As to Plaintiff’s citation to §§ 1981 and 1983, Plaintiff’s amended complaint supplements
his original complaint with additional alleged facts. However, Plaintiff continues to fail to
“identify which rights are at issue in each claim.” See Opinion & Order, April 20, 2015, ECF 5.
In addition, Plaintiff’s amended complaint consists solely of “supplemental information” which
must be read in conjunction with his original complaint in order to understand his allegations.

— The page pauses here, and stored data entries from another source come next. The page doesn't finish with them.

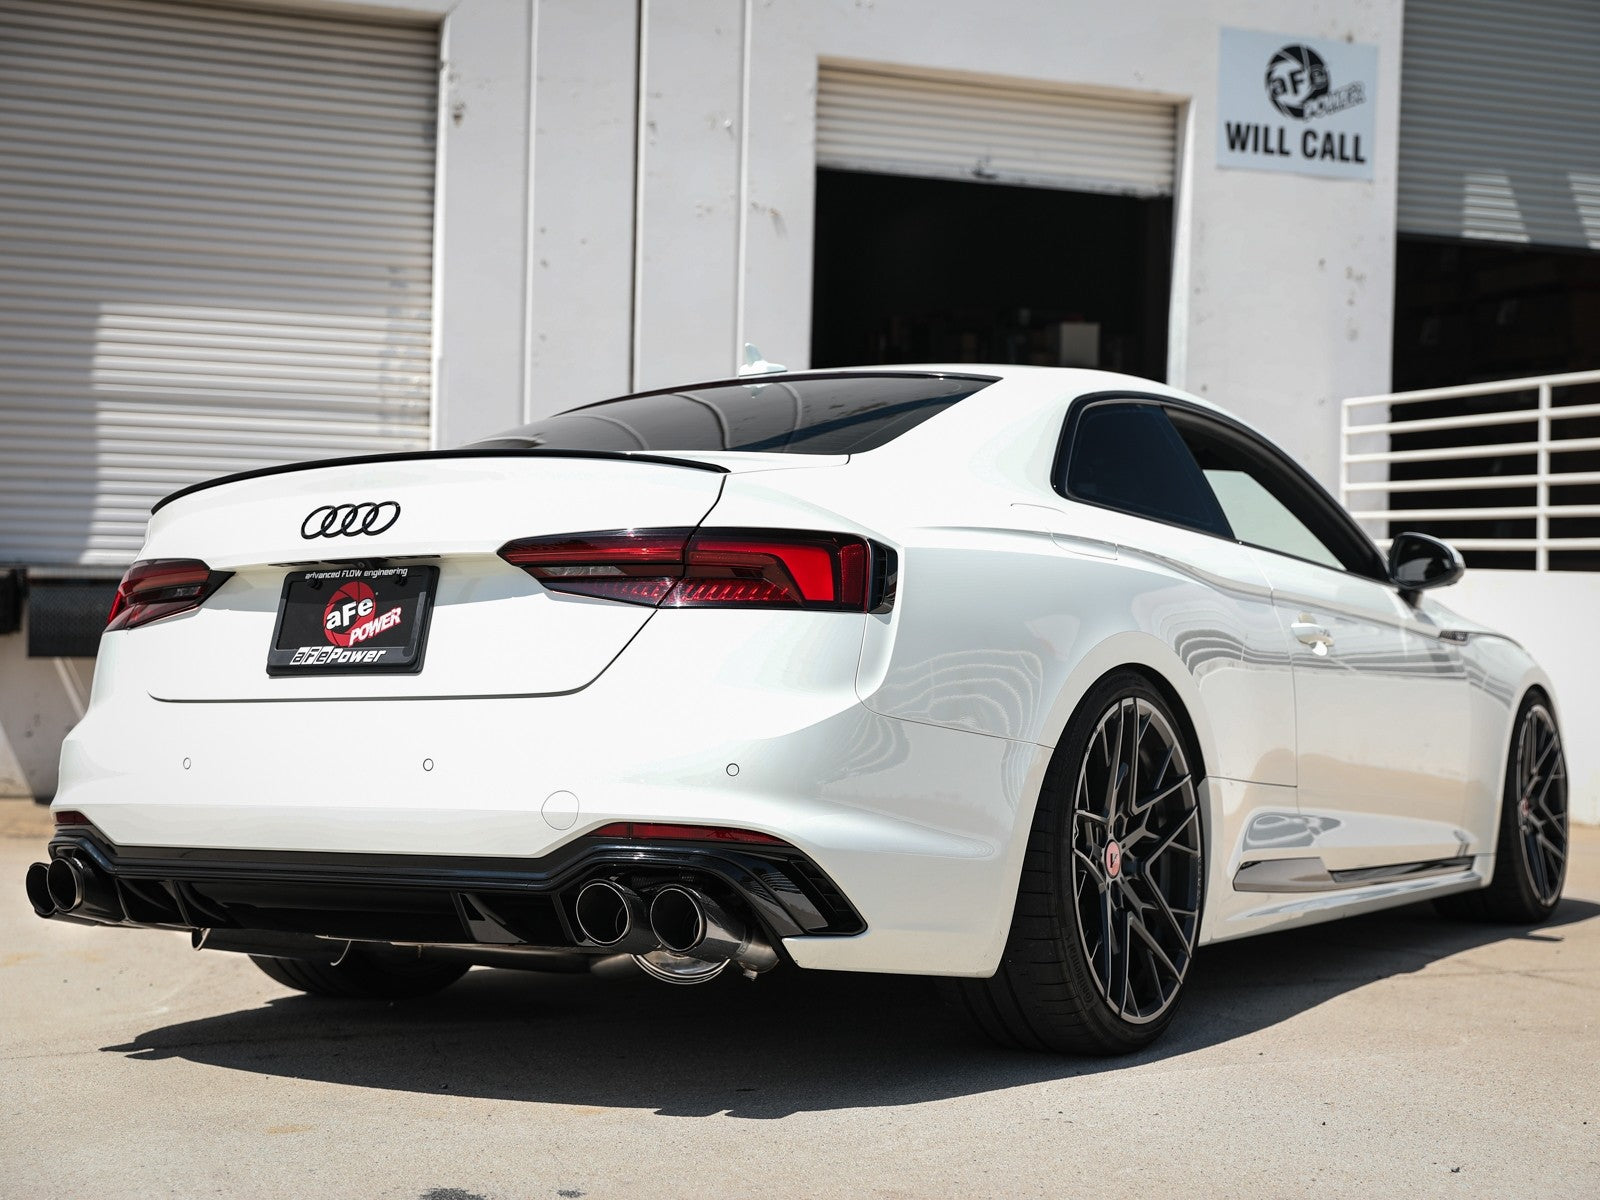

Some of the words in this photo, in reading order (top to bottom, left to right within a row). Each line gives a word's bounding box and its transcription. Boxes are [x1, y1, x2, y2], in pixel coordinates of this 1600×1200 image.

[1225, 121, 1291, 157] WILL
[1301, 129, 1366, 164] CALL
[305, 571, 340, 580] advanced
[364, 568, 408, 579] engineering
[326, 598, 374, 630] aFe
[349, 607, 402, 646] POWER
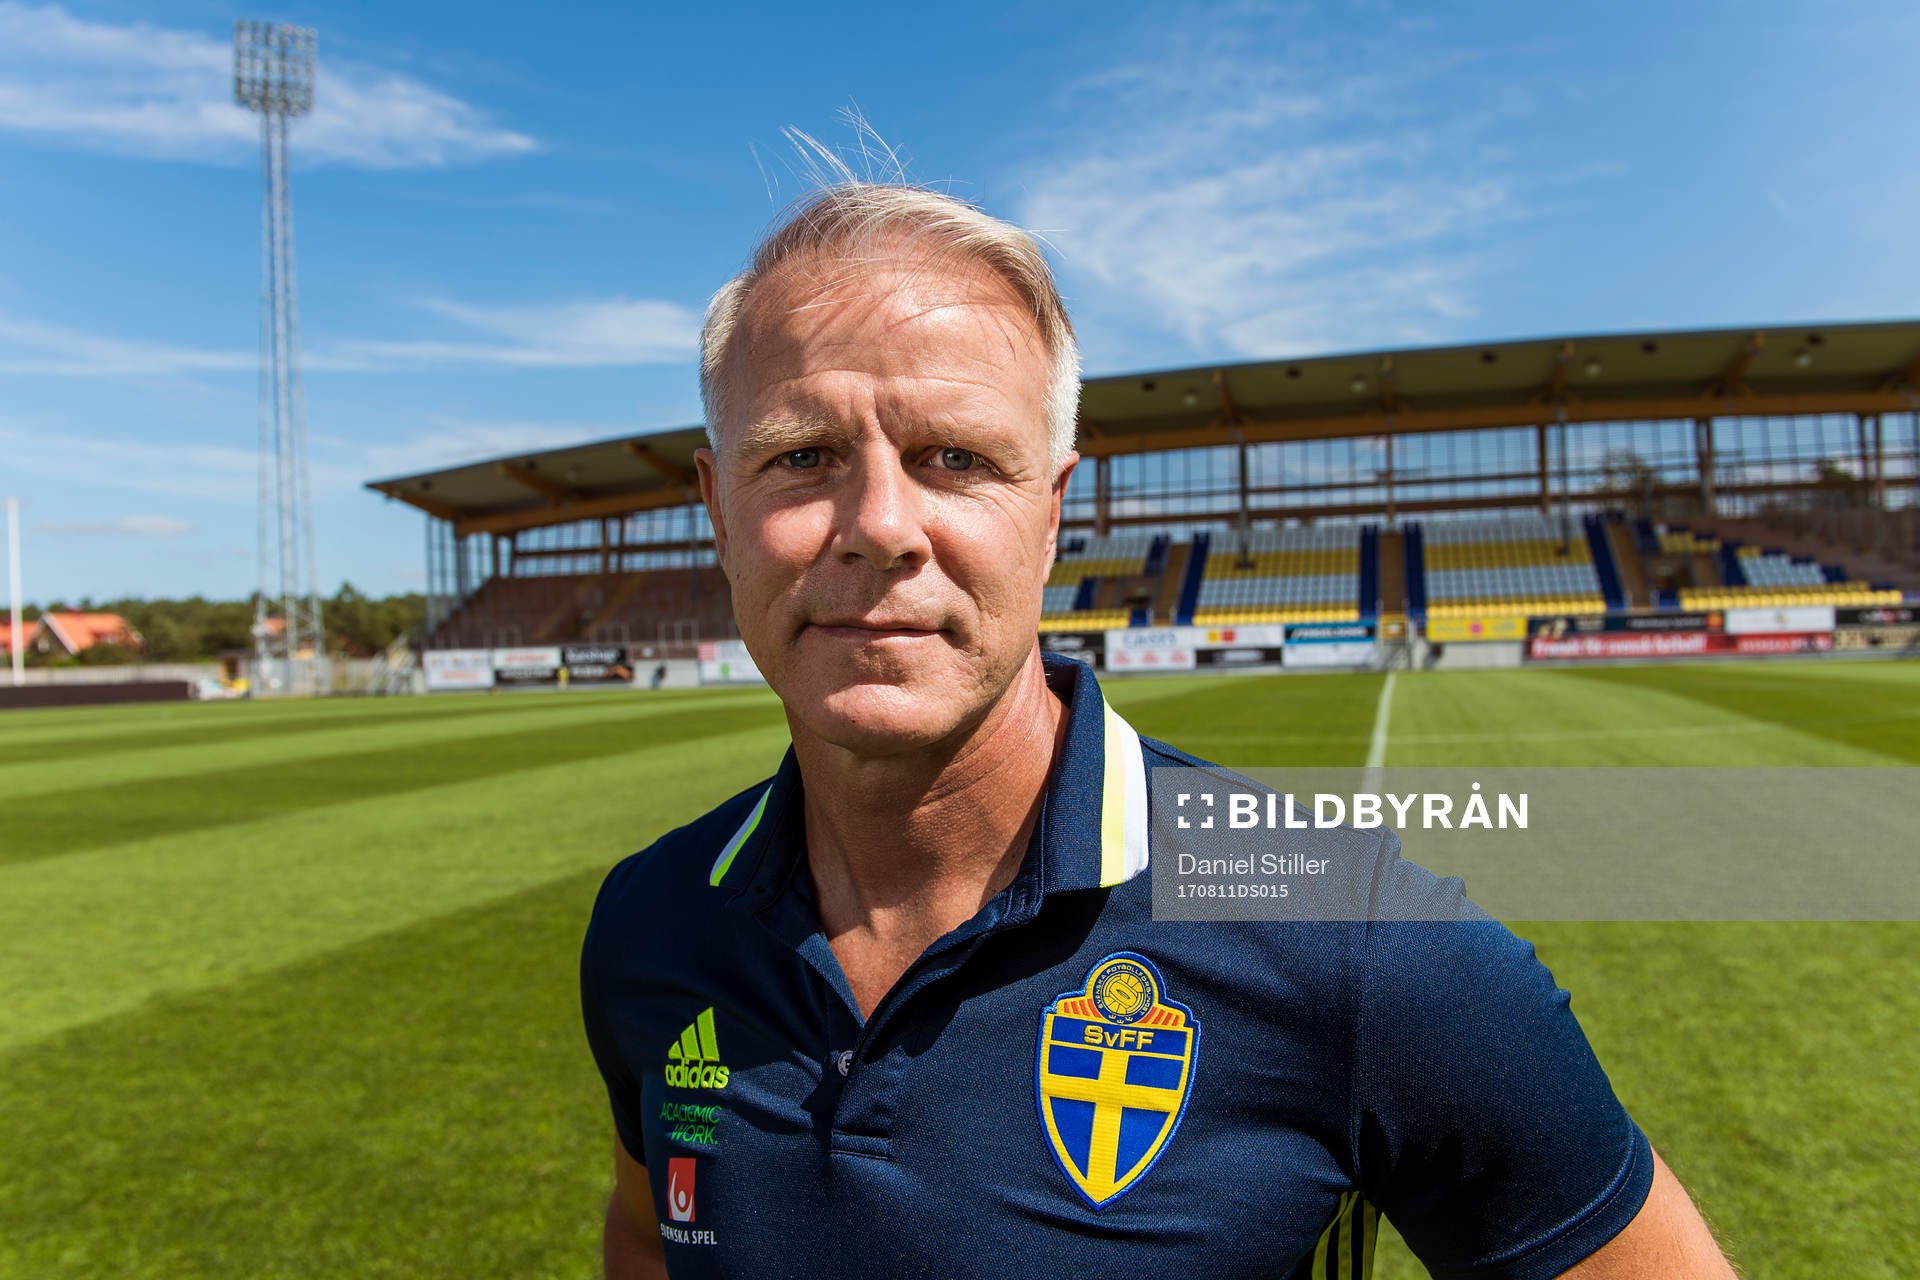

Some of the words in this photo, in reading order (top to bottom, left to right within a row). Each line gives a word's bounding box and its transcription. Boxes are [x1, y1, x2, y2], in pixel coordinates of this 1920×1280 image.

[1083, 1025, 1155, 1050] SvFF
[665, 1058, 730, 1089] adidas
[660, 1102, 723, 1124] ACADEMIC
[691, 1230, 718, 1245] SPEL

The Court is still unable to evaluate, for each of Plaintiff’s three claims, which constitutional or
statutory right is allegedly at issue.
The Court will provide Plaintiff with one more opportunity to amend his complaint. If
Plaintiff chooses to do so, he must comply with the following instructions. Plaintiff must submit
a second amended complaint that contains all of the factual allegations, bases for jurisdiction,
and claims in one document. The Court will not go back to look at Plaintiff’s original complaint
or first amended complaint. The second amended complaint will be considered as a “standalone” document and, therefore, Plaintiff should include everything he wants the Court to
consider in that document.
In addition, for each of Plaintiff’s three claims, he must state which constitutional or
statutory right is at issue. For example, if Plaintiff brings a claim based on inadequate medical
care, he should state that he brings the claim under 42 U.S.C. § 1983, alleging violations of his
Eighth Amendment rights. Then, in the “supporting facts” section of the complaint form,
Plaintiff should describe all of the factual allegations in support of his claim of inadequate
medical care. Plaintiff should not include claims brought under §§ 1985, 1986, or 1988, as those
are dismissed.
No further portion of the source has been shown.